● **Activity**
Nothing but the text should be carried over: reproduce all the data exactly and leave out every image.
:: Records shown ::
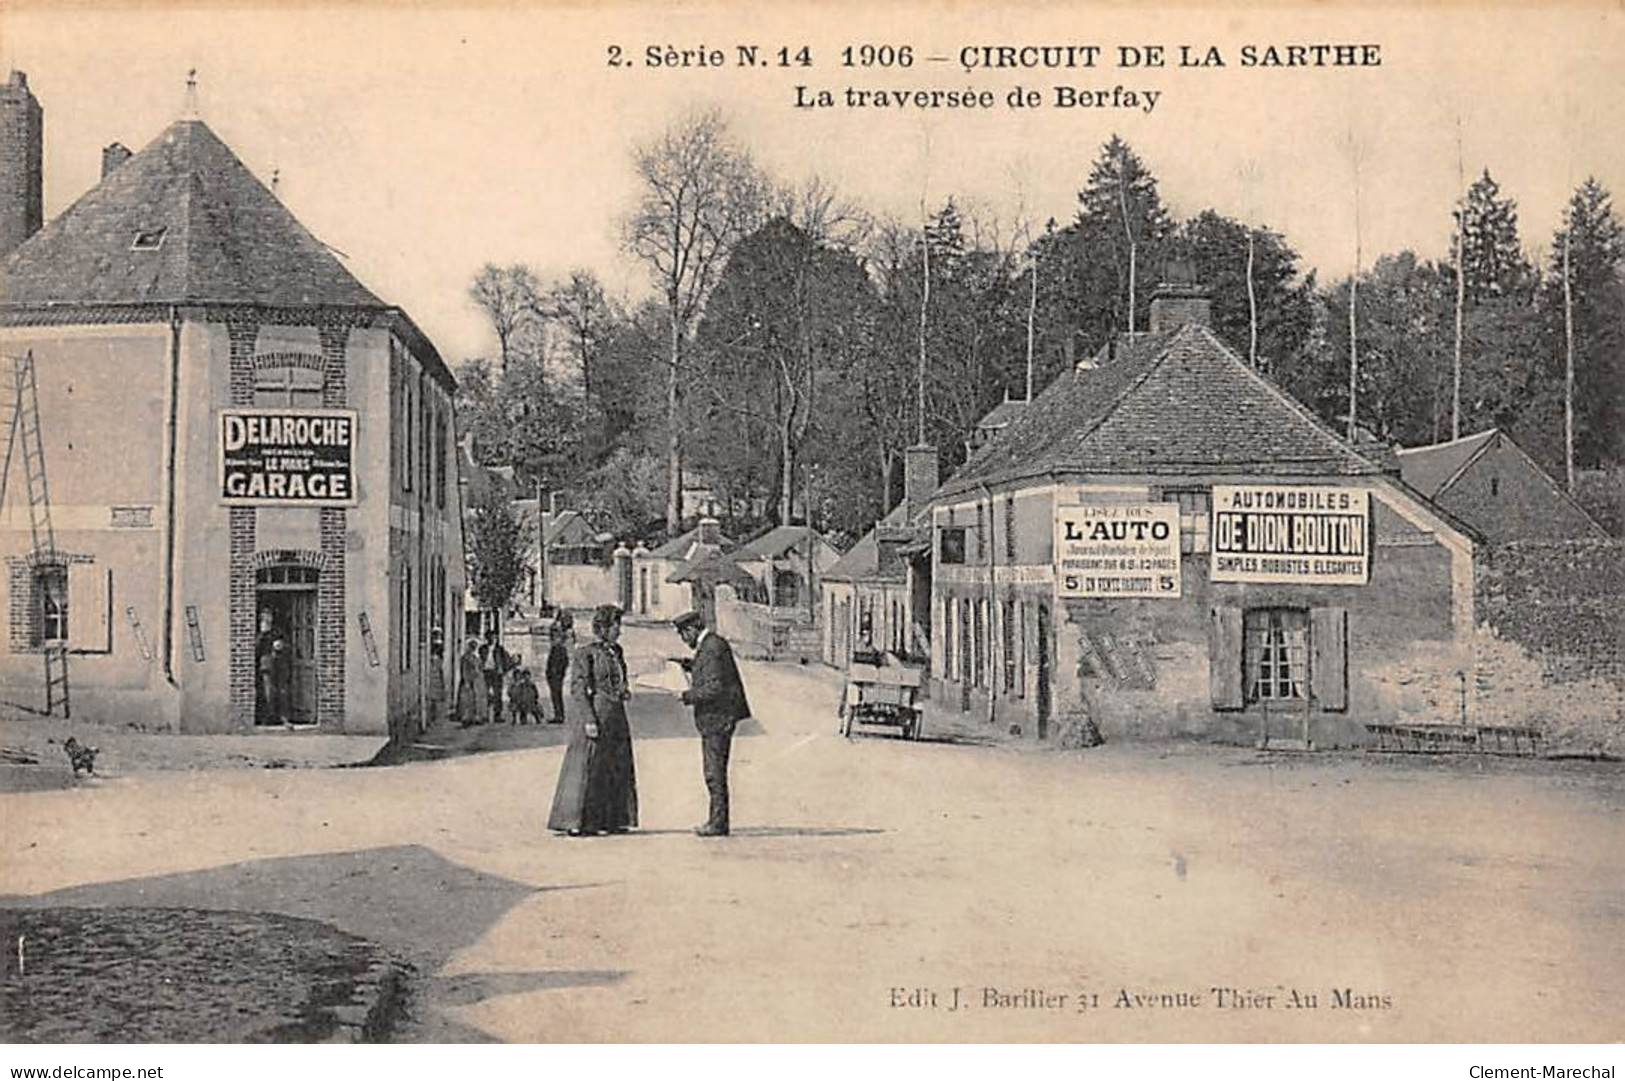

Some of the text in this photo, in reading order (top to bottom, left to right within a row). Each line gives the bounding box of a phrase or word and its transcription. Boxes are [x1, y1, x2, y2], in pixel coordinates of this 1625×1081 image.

[225, 416, 349, 451] DELAROCHE
[226, 472, 348, 498] GARAGE
[1232, 491, 1350, 510] AUTOMOBILES
[1064, 520, 1170, 541] L'AUTO
[1218, 513, 1243, 552] DE
[1065, 576, 1079, 591] 5
[1160, 576, 1175, 591] 5
:::
● **Response box**
Some of the text in this photo, in reading order (top to bottom, left to right within a row). Each line gives the bounding box of a phrase or word and its transcription. Boxes are [x1, y1, x2, y2], in pixel coordinates of this 1625×1081 image.

[225, 416, 349, 451] DELAROCHE
[226, 472, 348, 498] GARAGE
[1232, 491, 1350, 510] AUTOMOBILES
[1064, 520, 1170, 541] L'AUTO
[1218, 513, 1243, 552] DE
[1065, 576, 1079, 591] 5
[1160, 576, 1175, 591] 5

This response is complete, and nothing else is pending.